EPA Grant Number: R833865
Title: Applying Data Assimilation and Adjoint Sensitivity to Epidemiological and Policy Studies of Airborne Particulate Matter
Investigators: Stanier, Charles , Carmichael, Gregory R. , Field, R. William , Krewski, Daniel , Kumar, Naresh , Oleson, Jacob J.
Institution: University of Iowa , University of Ottawa
EPA Project Officer: Ilacqua, Vito
Project Period: February 1, 2009 through January 31, 2013 (Extended to January 31, 2014)
Project Amount: $899,401
RFA: Innovative Approaches to Particulate Matter Health, Composition, and Source Questions (2007) RFA Text |  Recipients Lists
Research Category: Health Effects , Particulate Matter , Air

Objective:

Broadly stated, the objectives of the grant were to explore novel combinations of model-simulated fine particulate matter and its components together with observations to make more accurate and finer spatial resolution estimates of air pollution.

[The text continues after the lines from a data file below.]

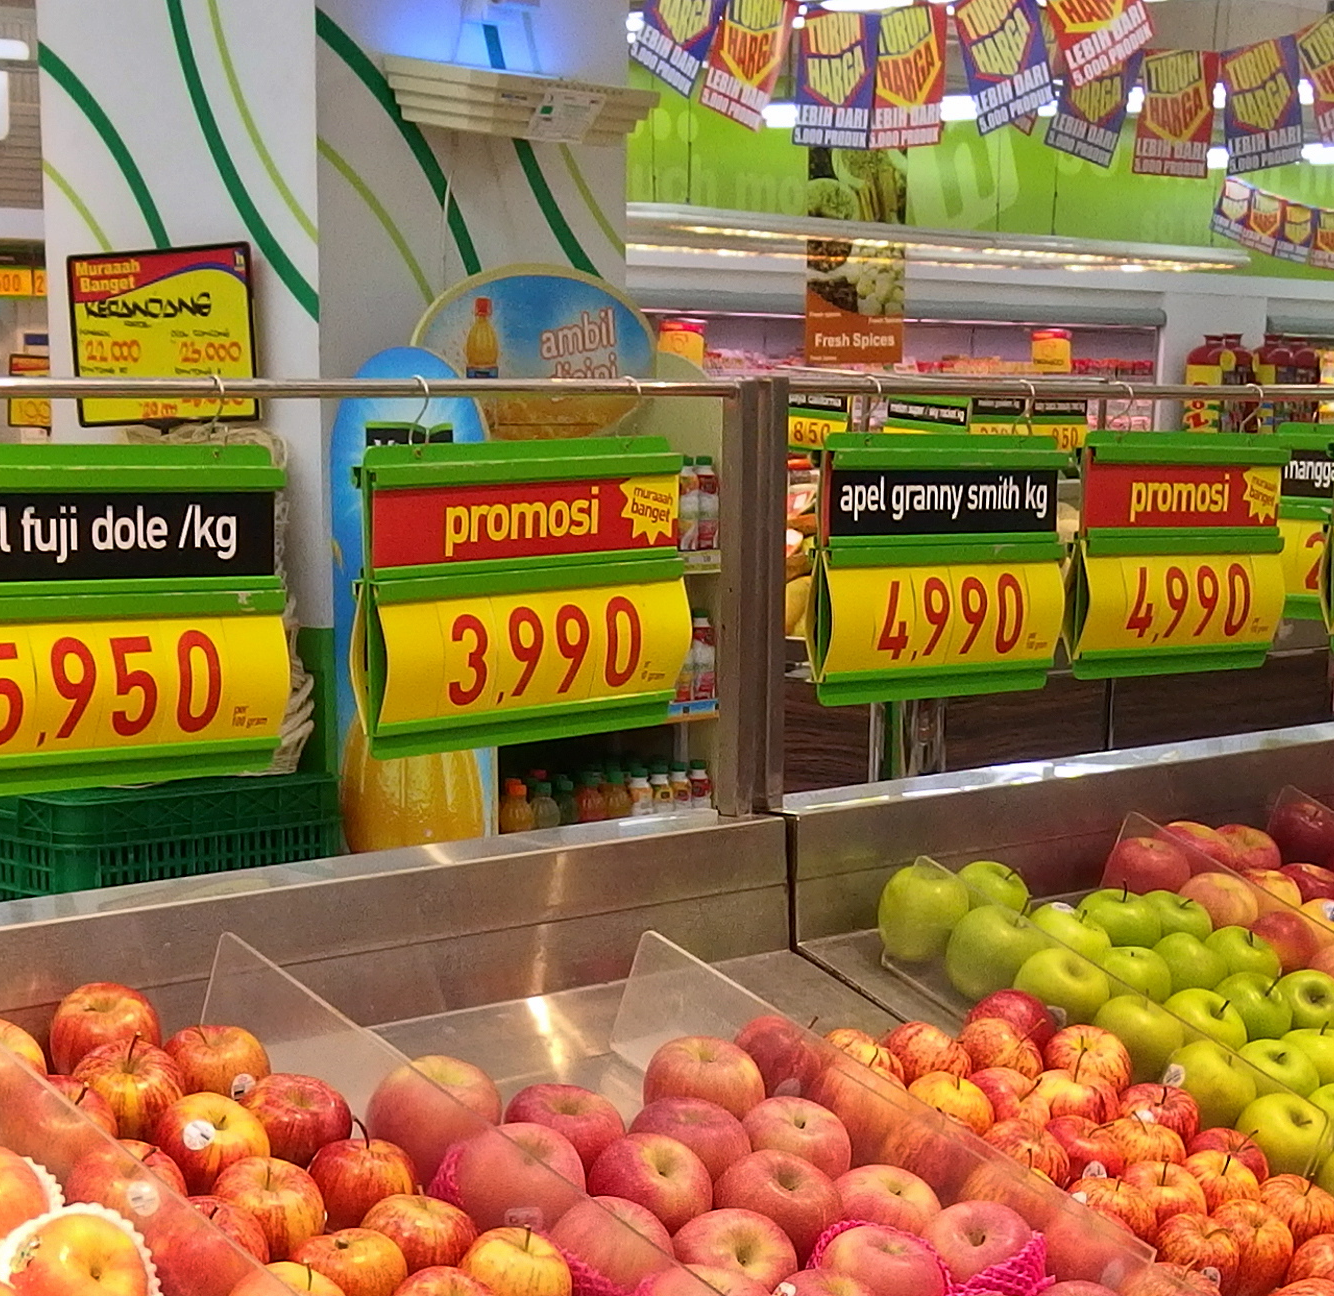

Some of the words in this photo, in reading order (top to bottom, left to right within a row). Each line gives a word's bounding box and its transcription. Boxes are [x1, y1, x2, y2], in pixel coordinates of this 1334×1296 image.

[635, 22, 672, 58] LEBIH
[670, 37, 701, 79] DARI
[726, 25, 781, 82] HARGA
[806, 13, 862, 56] TURUN
[878, 5, 932, 55] TURUN
[970, 7, 1032, 76] HARGA
[1064, 26, 1111, 71] LEBIH
[1110, 0, 1147, 45] DARI
[1072, 54, 1111, 88] 5.000
[1109, 21, 1154, 66] PRODUK
[655, 54, 694, 96] PRODUK
[707, 67, 741, 98] LEBIH
[741, 79, 770, 109] DARI
[806, 44, 865, 106] HARGA
[878, 38, 937, 103] HARGA
[974, 78, 1013, 114] LEBIH
[1014, 61, 1051, 94] DARI
[1148, 51, 1202, 94] TURUN
[1225, 40, 1282, 92] TURUN
[727, 97, 764, 131] PRODUK
[796, 104, 833, 129] LEBIH
[834, 106, 869, 130] DARI
[871, 104, 908, 129] LEBIH
[909, 102, 942, 125] DARI
[978, 110, 1009, 134] 5.000
[1009, 84, 1055, 119] PRODUK
[1150, 85, 1204, 138] HARGA
[1231, 72, 1292, 131] HARGA
[793, 129, 825, 148] 5.000
[826, 129, 868, 149] PRODUK
[869, 129, 899, 149] 5.000
[899, 125, 939, 147] PRODUK
[1051, 112, 1087, 140] LEBIH
[1086, 122, 1118, 149] DARI
[1074, 139, 1112, 168] PRODUK
[1135, 136, 1171, 158] LEBIH
[1172, 139, 1208, 161] DARI
[1227, 131, 1267, 156] LEBIH
[1268, 123, 1302, 151] DARI
[1228, 154, 1259, 175] 5.000
[80, 275, 136, 294] Banget
[540, 306, 616, 360] ambil
[814, 332, 851, 347] Fresh
[852, 332, 896, 349] Spices
[443, 485, 600, 558] promosi
[630, 497, 671, 525] banget
[632, 486, 675, 509] muraaah
[840, 476, 886, 521] apel
[891, 481, 964, 521] granny
[966, 474, 1021, 511] smith
[1024, 474, 1049, 519] kg
[1129, 473, 1231, 523] promosi
[21, 504, 80, 565] fuji
[91, 503, 170, 553] dole
[177, 502, 239, 561] /kg
[876, 572, 1025, 662] 4,990
[1125, 562, 1252, 643] 4,990
[447, 595, 643, 707] 3,990
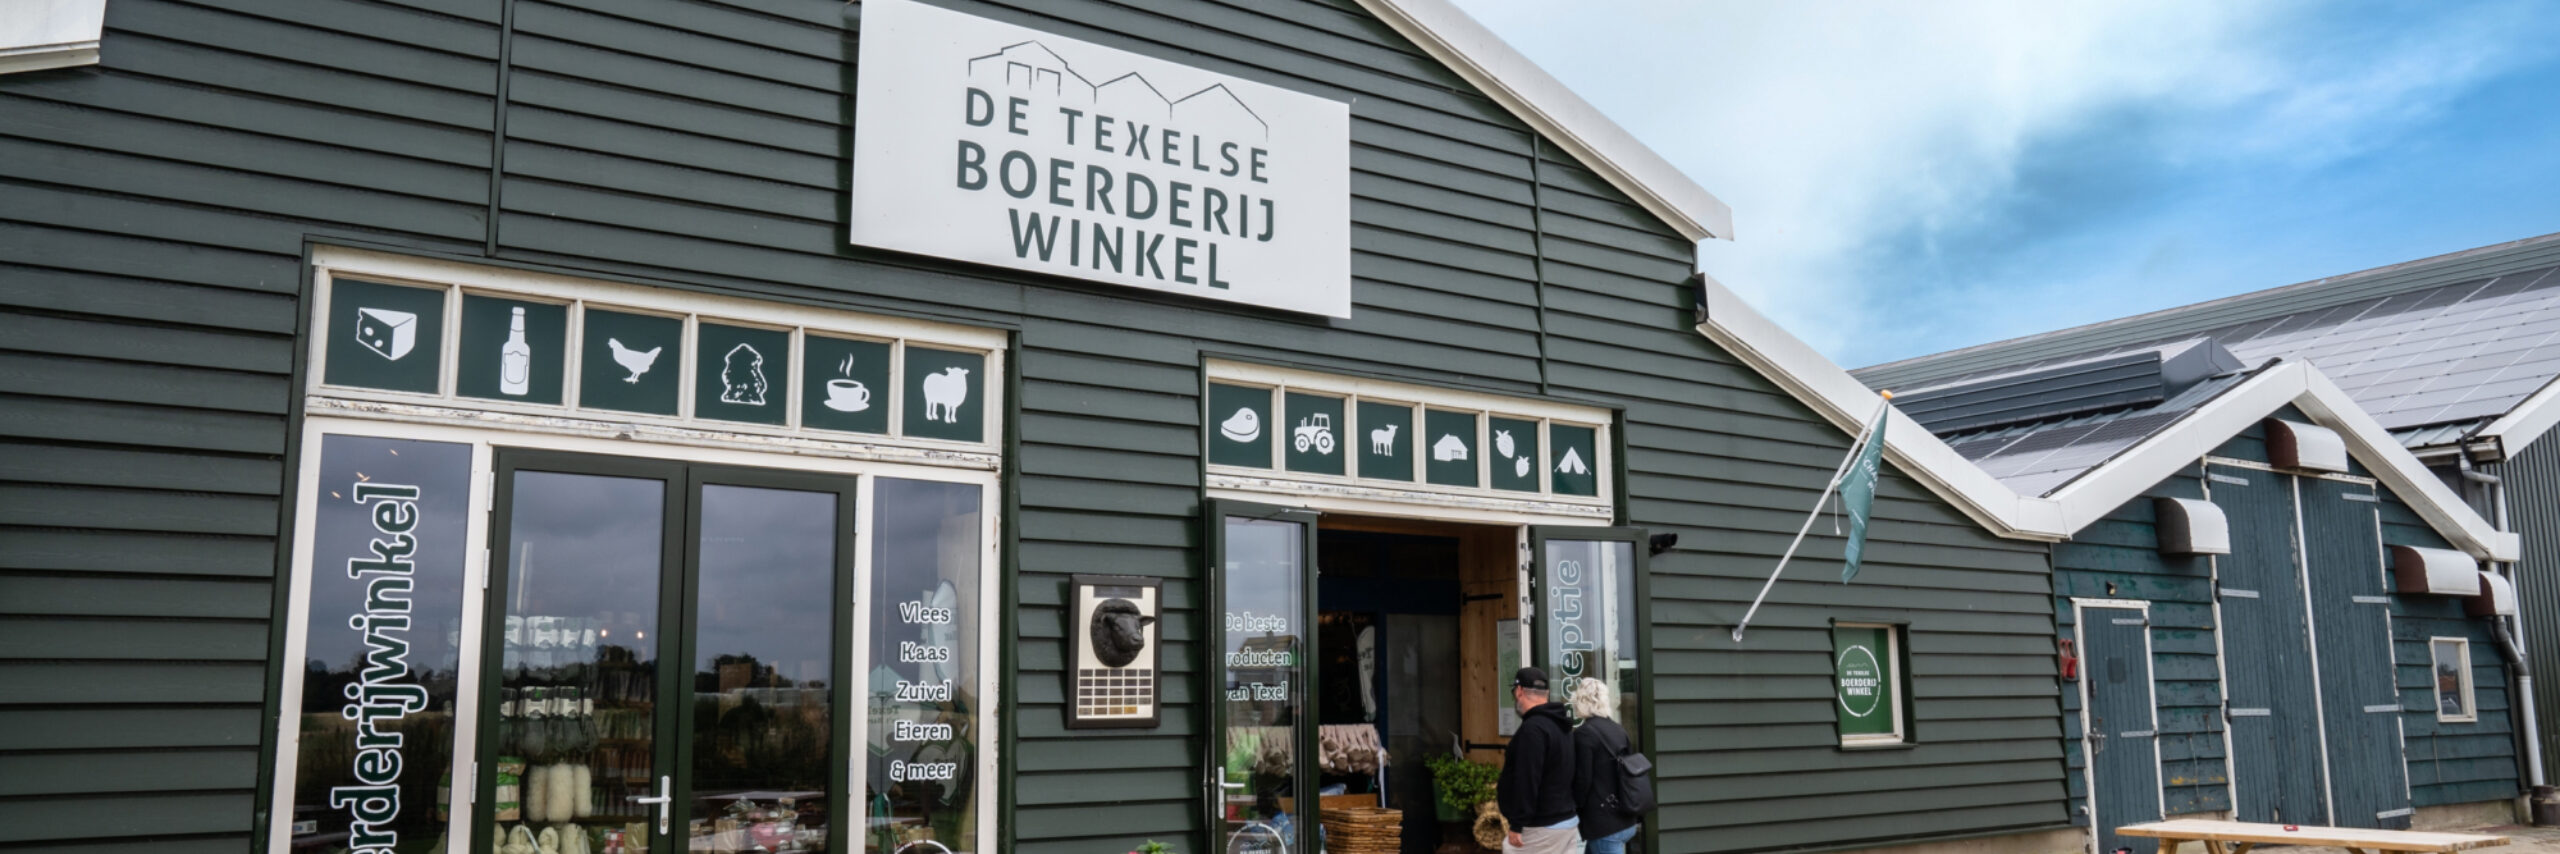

Furthermore, these model-simulated and hybrid concentration values are linked with available epidemiological datasets to (a) determine and communicate best practices for working with modeled exposure data in epidemiological studies, as well as (b) to learn new insights about the health effects of fine particulate matter, source-resolved fine particulate matter, and speciated particulate matter. Finally, the project proposed to demonstrate the potential for target-oriented modeling using adjoints of 3D chemical transport models such as CMAQ.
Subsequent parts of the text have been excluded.